▼▼▼
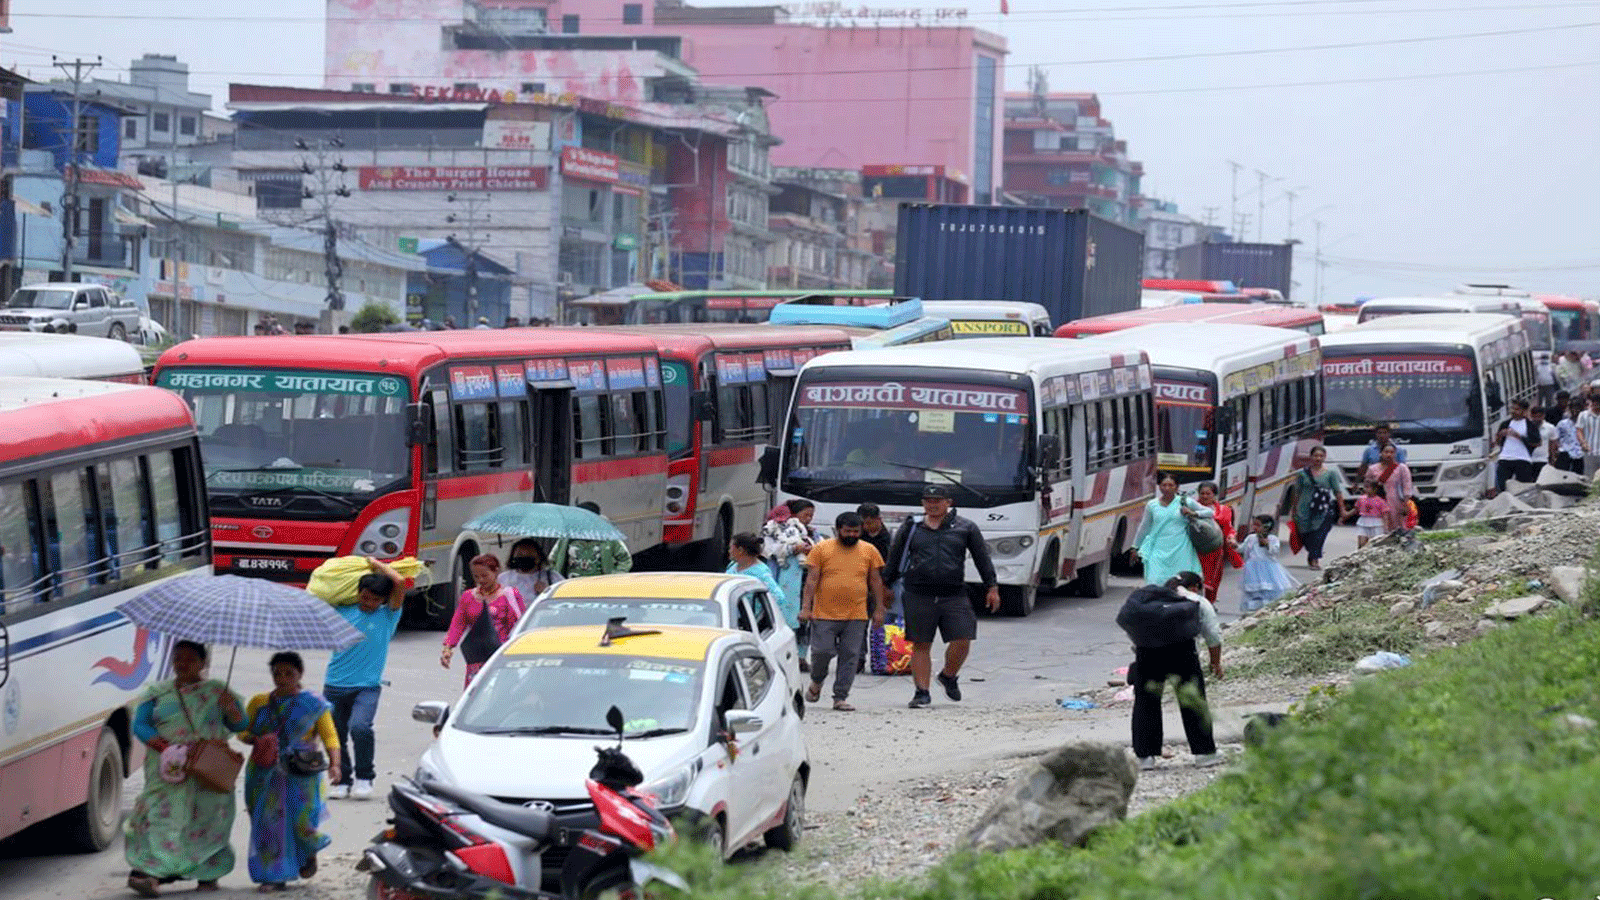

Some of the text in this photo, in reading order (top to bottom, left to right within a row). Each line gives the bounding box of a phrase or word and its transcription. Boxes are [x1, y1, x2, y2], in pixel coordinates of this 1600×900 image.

[405, 167, 531, 179] The Burger House
[368, 179, 537, 190] And Crunchy Fried Chicken
[953, 323, 1022, 332] ANSPORT
[1322, 358, 1373, 376] ागमती
[1375, 360, 1447, 373] यातायात
[169, 373, 266, 389] महानगर
[275, 375, 375, 393] यातायात
[805, 382, 1018, 410] बागमती यातायात
[250, 497, 282, 506] TATA
▲▲▲
WHAT YOU SHOULD DO:
Give back all of the material exactly, though without the images it contains.

SOLUTION TO THIS EXERCISE:
Some of the text in this photo, in reading order (top to bottom, left to right within a row). Each line gives the bounding box of a phrase or word and its transcription. Boxes are [x1, y1, x2, y2], in pixel coordinates of this 1600×900 image.

[405, 167, 531, 179] The Burger House
[368, 179, 537, 190] And Crunchy Fried Chicken
[953, 323, 1022, 332] ANSPORT
[1322, 358, 1373, 376] ागमती
[1375, 360, 1447, 373] यातायात
[169, 373, 266, 389] महानगर
[275, 375, 375, 393] यातायात
[805, 382, 1018, 410] बागमती यातायात
[250, 497, 282, 506] TATA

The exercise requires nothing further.